Europe

EU divided over naval mission in Mediterranean

EU foreign affairs ministers to discuss naval mission to monitor arms embargo in Libya amid tensions

17.02.2020
EU divided over naval mission in Mediterranean

BRUSSELS 

The EU states are divided over the continuation of a naval mission meant to monitor the arms embargo in Libya, EU’s top diplomat said Monday.

Josep Borrell was referring to Operation Sophia, whose relaunch was put back on the agenda in January with a focus on Libya.

It was initially launched in 2015 to block irregular migration in the Mediterranean Sea but was suspended a year ago when the Italian government refused to embark Operation Sophia’s vessels, citing they were offloading refugees in their country.

Borrell said the Libyan peace process was still ongoing, but admitted that EU member states have some “discrepancies” in enforcing the arms embargo and the “situation on the ground is very bad”.

He also confirmed that “more than one member state is against reviving Operation Sophia”, which is why he did not expect a decision on Monday. 

“We will continue working on it,” he said and expressed hope to find an agreement at the next meeting.

Earlier this month, the governments of Hungary and Austria expressed their opposition against the mission, arguing that the EU’s renewed naval presence would encourage human smugglers and illegal migration.

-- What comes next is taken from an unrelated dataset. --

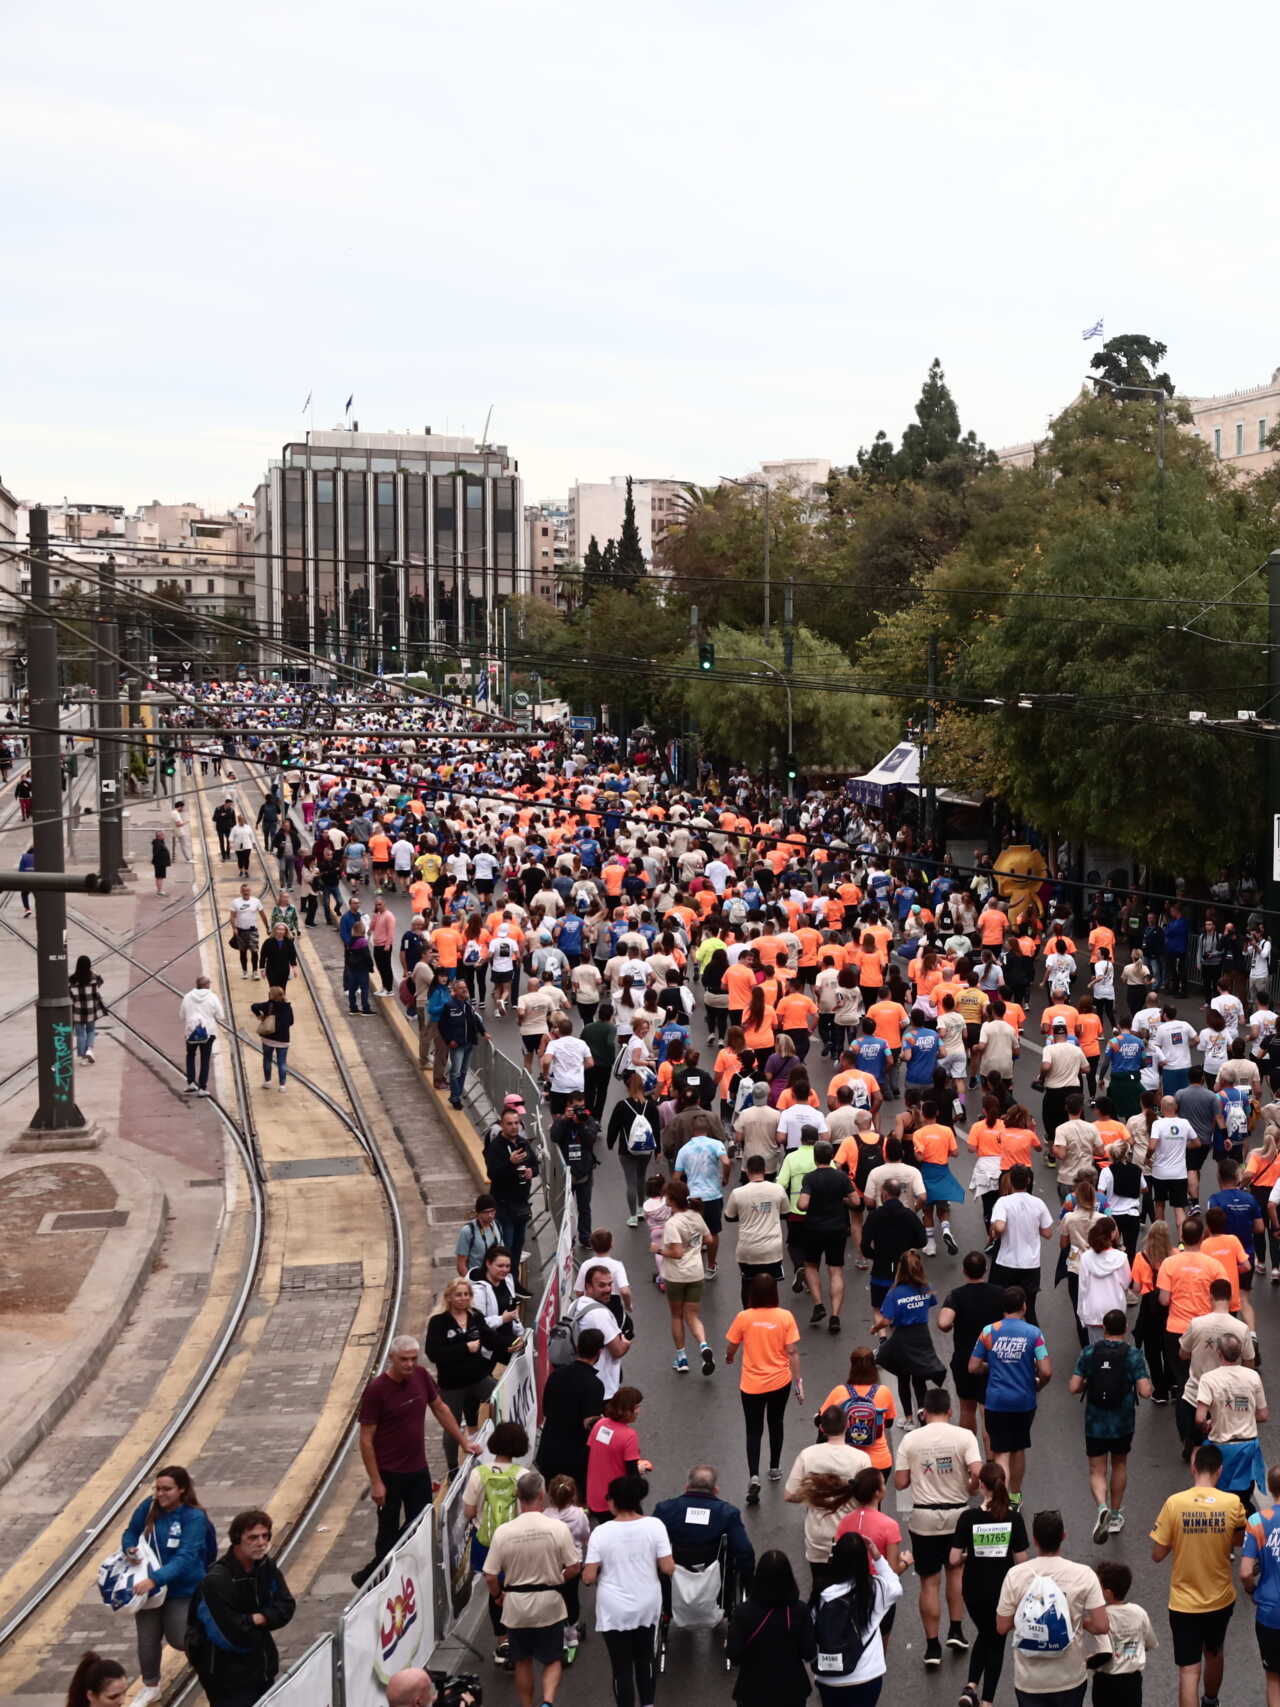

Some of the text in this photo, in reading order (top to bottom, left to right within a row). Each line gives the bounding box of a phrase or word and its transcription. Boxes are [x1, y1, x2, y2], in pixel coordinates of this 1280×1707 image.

[906, 1300, 924, 1310] CLUB
[1183, 1518, 1226, 1527] WINNERS
[979, 1533, 1006, 1543] 71765
[380, 1574, 416, 1649] Dole

“The Berlin peace process isn’t worth much without an arms control regime,” Luxemburg’s top diplomat Jean Asselborn explained before the meeting.

Since September, several high-level meetings were held in Berlin to put an end to the Libyan conflict, with the participation of the U.S., Russia, Turkey, China, the U.K., France, Germany, Italy, Algeria, Egypt and the United Arab Emirates (UAE) .The negotiations are known as the Berlin peace process.

Since the ouster of late leader Muammar Gaddafi in 2011, two seats of power have emerged in Libya: warlord Khalifa Haftar in eastern Libya supported mainly by Egypt and the UAE, and the Government of National Accord (GNA) in Tripoli, which enjoys the UN and international recognition.

Libya's legitimate government has been under attack by Haftar’s forces since last April, and more than 1,000 people have been killed in the violence.